本書は、〈暗黒のL.A.四部作〉〈アンダーワールドU.S.A.三部作〉に続く、〈新・暗黒のL.A.四部作〉の一作目として構想されているらしい。時系列的には『ブラック・ダリア』よりも前になる。原題の由来は“裏切り”の意味を持つジャズのスタンダード・ナンバー。

〈アンダーワールドU.S.A.三部作〉は既読。〈暗黒のL.A.四部作〉は『ブラック・ダリア』のみ既読で、『LAコンフィデンシャル』を映画で観ただけ。いずれは読んでみたいと思っていたので、一連のシリーズのスタートとなる本書はいいタイミングなかと思ってトライしてみたが、ひどく混乱して異常に疲れてしまった。
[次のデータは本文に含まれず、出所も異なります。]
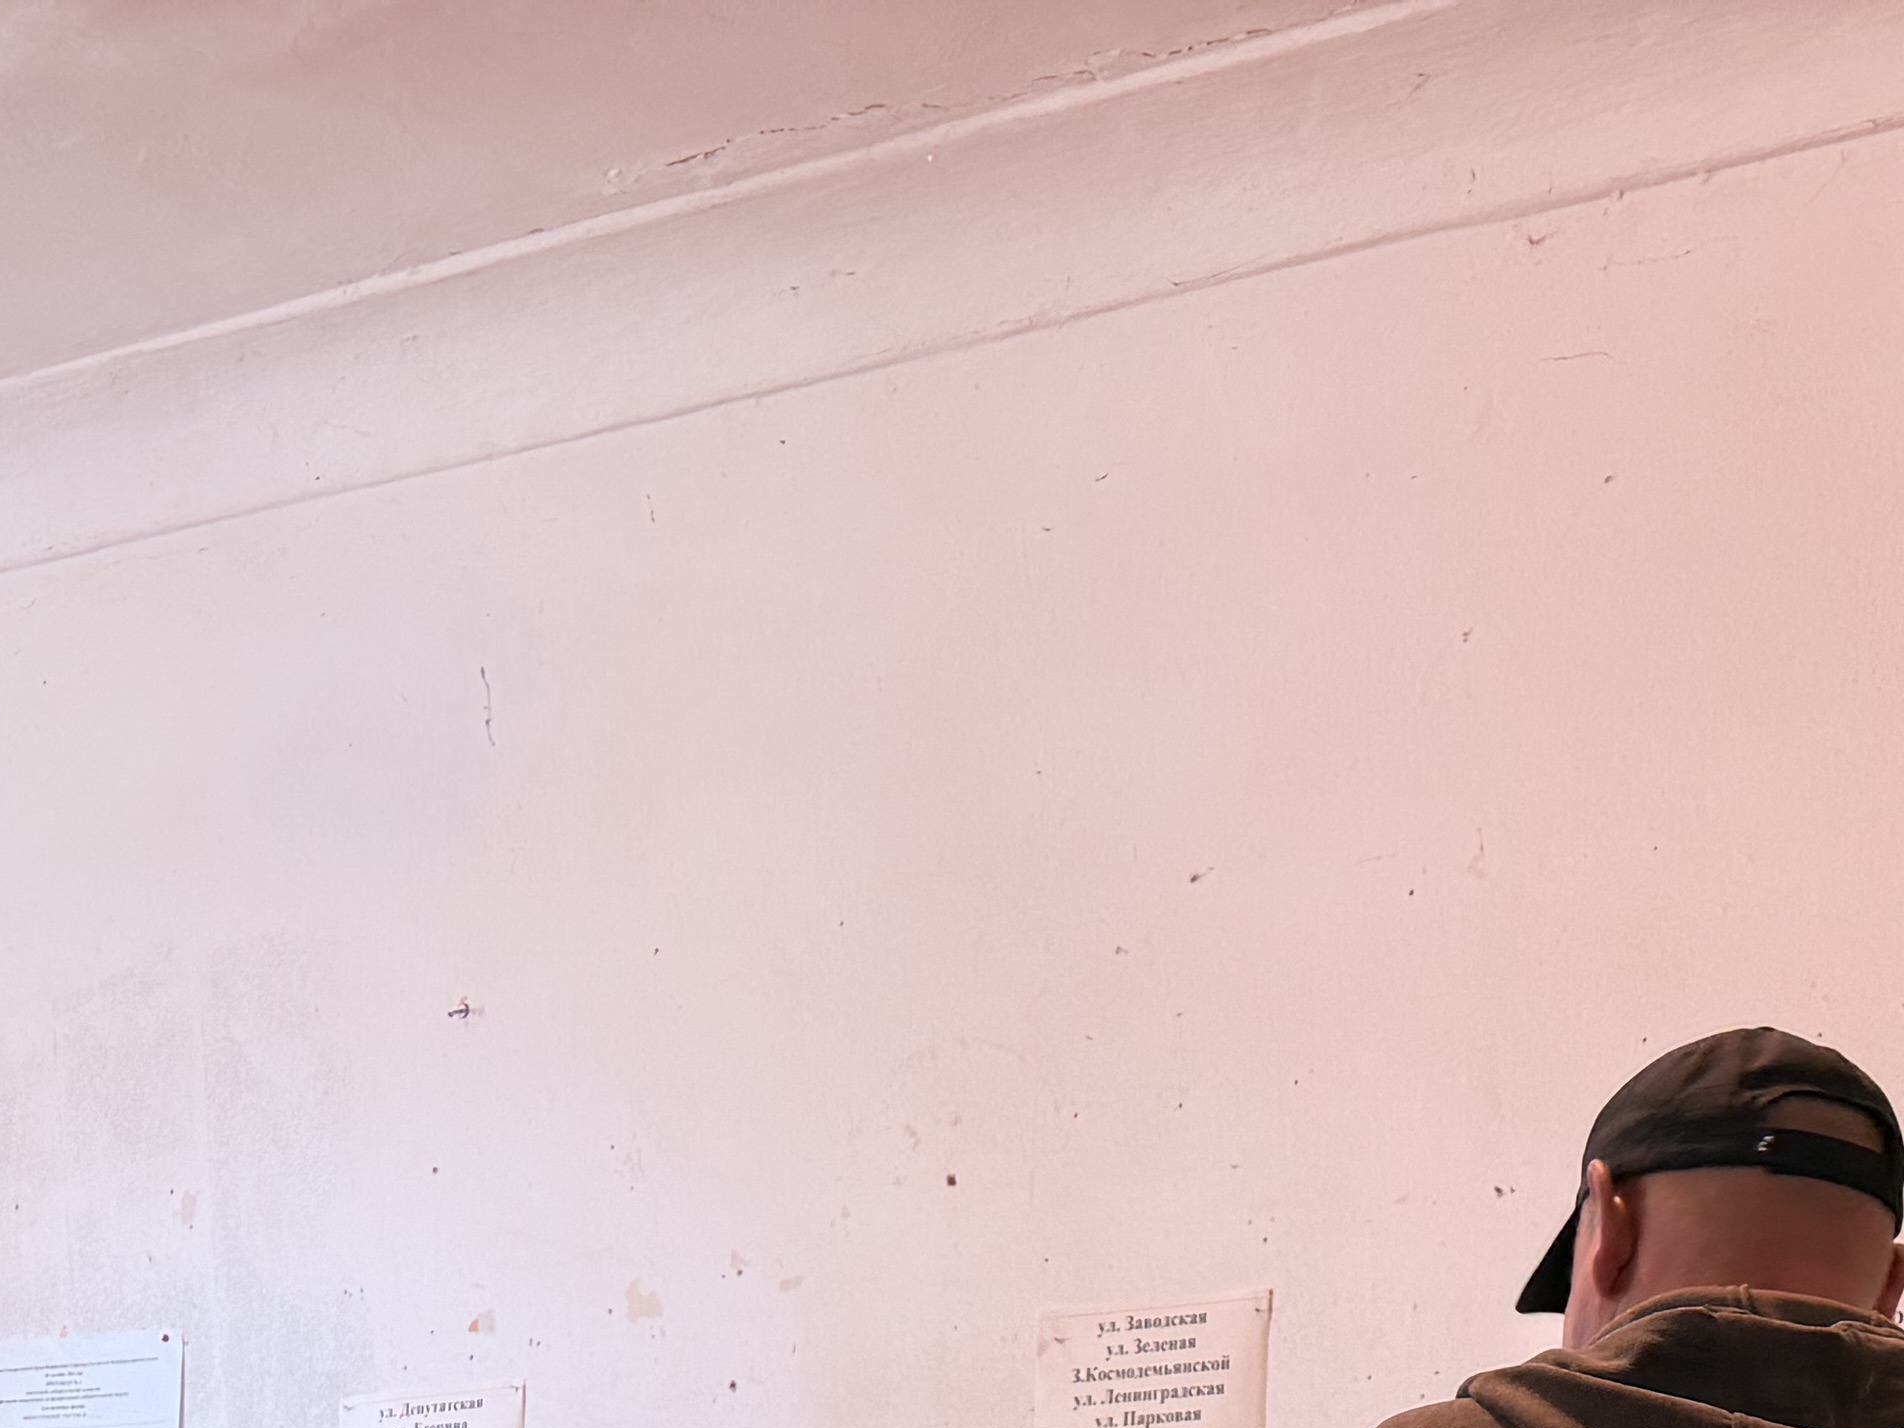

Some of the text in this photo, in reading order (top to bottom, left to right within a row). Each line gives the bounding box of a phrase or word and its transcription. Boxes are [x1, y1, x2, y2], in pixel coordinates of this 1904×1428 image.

[1097, 1312, 1208, 1337] ул. Заводская
[1105, 1336, 1197, 1361] ул. Зеленая
[1073, 1383, 1225, 1410] ул. Ленинградская
[1123, 1409, 1202, 1428] Парковая
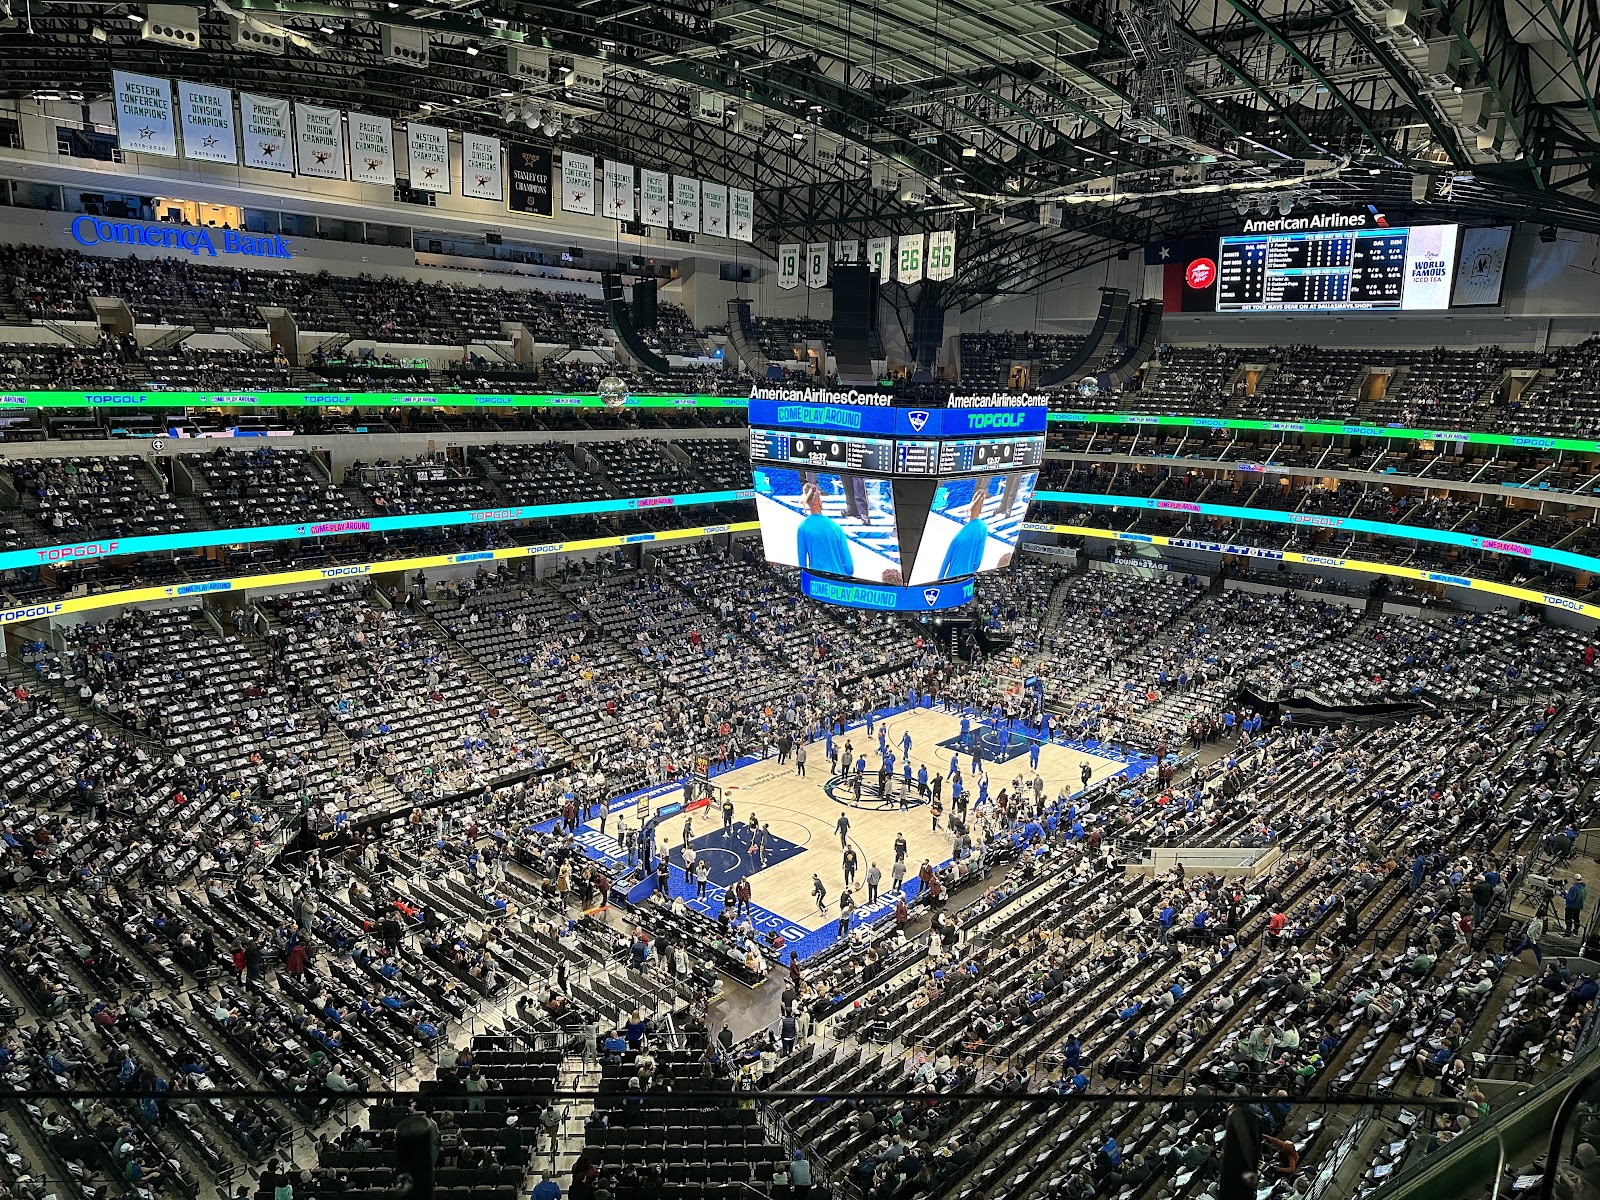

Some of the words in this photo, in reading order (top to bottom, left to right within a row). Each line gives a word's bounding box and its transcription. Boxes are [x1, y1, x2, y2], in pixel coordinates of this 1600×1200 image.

物語は、複数の視点が入れ替わるように進む。登場人物が徐々に増え、それに比例して作中の情報量も膨大なものになってくる。日系人殺人事件という軸はあるものの、実在の人物も含めた個性豊かなキャラクターたちが、己の欲望と運命を秤にかけながら右往左往する様に揺さぶられ続け、途中からいろいろ見失ってしまった。なんだろう、そういうのもひっくるめて、エルロイを堪能できるような経験値がなかったってことか。

面白いのは面白いんだけど、この狂気じみた世界観に若干怖気付いてる自分がいた。この腹黒さ、この暗黒さを咀嚼できるようになるにはあと何冊必要かしら。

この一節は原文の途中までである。